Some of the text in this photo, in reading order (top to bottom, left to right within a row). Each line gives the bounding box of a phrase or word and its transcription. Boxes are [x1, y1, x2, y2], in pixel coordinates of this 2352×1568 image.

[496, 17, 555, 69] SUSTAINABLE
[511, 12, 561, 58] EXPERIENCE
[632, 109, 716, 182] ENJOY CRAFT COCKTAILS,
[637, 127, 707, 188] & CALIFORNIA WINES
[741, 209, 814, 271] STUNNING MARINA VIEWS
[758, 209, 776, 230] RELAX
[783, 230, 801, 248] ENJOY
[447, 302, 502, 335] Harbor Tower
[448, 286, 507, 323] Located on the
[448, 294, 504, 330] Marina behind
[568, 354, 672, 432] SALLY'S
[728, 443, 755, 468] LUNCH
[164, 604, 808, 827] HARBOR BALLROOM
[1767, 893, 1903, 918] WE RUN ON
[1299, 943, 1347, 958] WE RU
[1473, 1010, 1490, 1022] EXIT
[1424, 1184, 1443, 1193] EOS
────
EXERCISE DIRECTIONS: The only acceptable answer is the full set of entries, repeated exactly.

SOLUTION TO THIS PROBLEM:
Some of the text in this photo, in reading order (top to bottom, left to right within a row). Each line gives the bounding box of a phrase or word and its transcription. Boxes are [x1, y1, x2, y2], in pixel coordinates of this 2352×1568 image.

[496, 17, 555, 69] SUSTAINABLE
[511, 12, 561, 58] EXPERIENCE
[632, 109, 716, 182] ENJOY CRAFT COCKTAILS,
[637, 127, 707, 188] & CALIFORNIA WINES
[741, 209, 814, 271] STUNNING MARINA VIEWS
[758, 209, 776, 230] RELAX
[783, 230, 801, 248] ENJOY
[447, 302, 502, 335] Harbor Tower
[448, 286, 507, 323] Located on the
[448, 294, 504, 330] Marina behind
[568, 354, 672, 432] SALLY'S
[728, 443, 755, 468] LUNCH
[164, 604, 808, 827] HARBOR BALLROOM
[1767, 893, 1903, 918] WE RUN ON
[1299, 943, 1347, 958] WE RU
[1473, 1010, 1490, 1022] EXIT
[1424, 1184, 1443, 1193] EOS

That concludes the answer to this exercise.